‘Lula é incoerente com a questão da ditadura’, diz historiador às vésperas dos 60 anos do golpe militar
Para César Novelli, o não acerto de contas com o passado ditatorial do Brasil é inseparável da violência estatal atual
Os 60 anos do golpe empresarial-militar no Brasil se aproximam com sensação de panos quentes às críticas das Forças Armadas depois que o presidente Lula (PT) vetou evento sobre o tema planejado pelo Ministério dos Direitos Humanos. “O Lula é um personagem incoerente em muitas questões.

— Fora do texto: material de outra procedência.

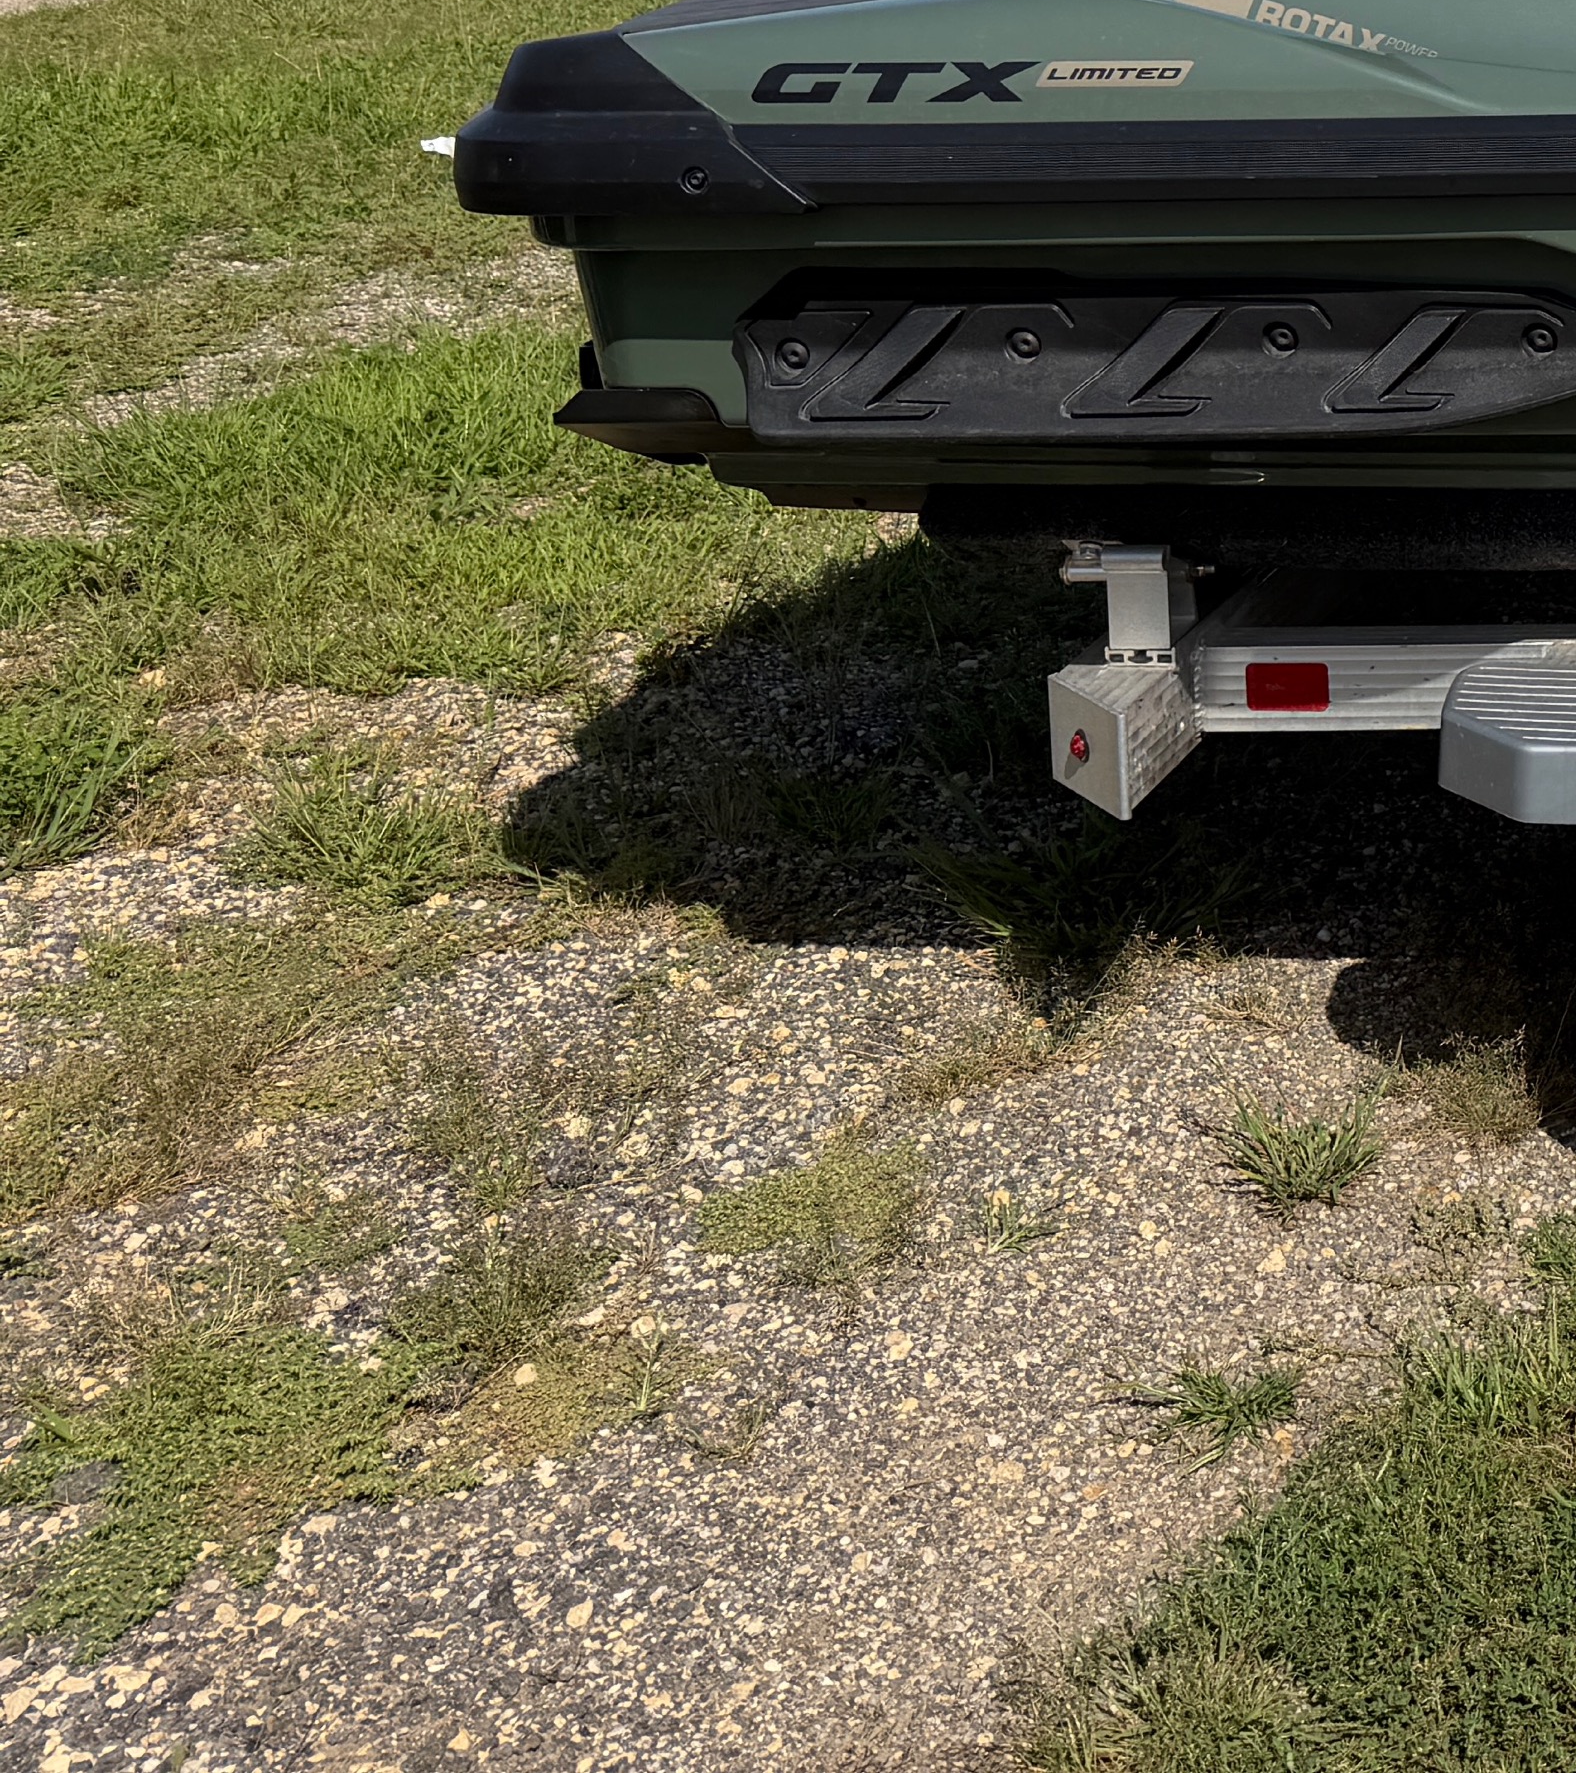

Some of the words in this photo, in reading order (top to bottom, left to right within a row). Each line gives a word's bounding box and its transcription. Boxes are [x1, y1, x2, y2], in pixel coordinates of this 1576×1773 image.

[1255, 0, 1387, 52] ROTAX
[751, 61, 1043, 103] GTX
[1046, 66, 1183, 81] LIMITED

Uma delas é a questão da ditadura”, avalia o historiador César Novelli Rodrigues, membro do Núcleo de Preservação da Memória Política.
Recentemente, em entrevista ao jornalista Kennedy Alencar, Lula disse que o golpe de 1964 “já faz parte da história” e que “o povo já conquistou o direito de democratizar esse país”. Afirmou, ainda: “Eu, sinceramente, não vou ficar remoendo e vou tentar tocar esse país para frente”. Para Novelli, a fala foi “infeliz” e “desrespeitosa”.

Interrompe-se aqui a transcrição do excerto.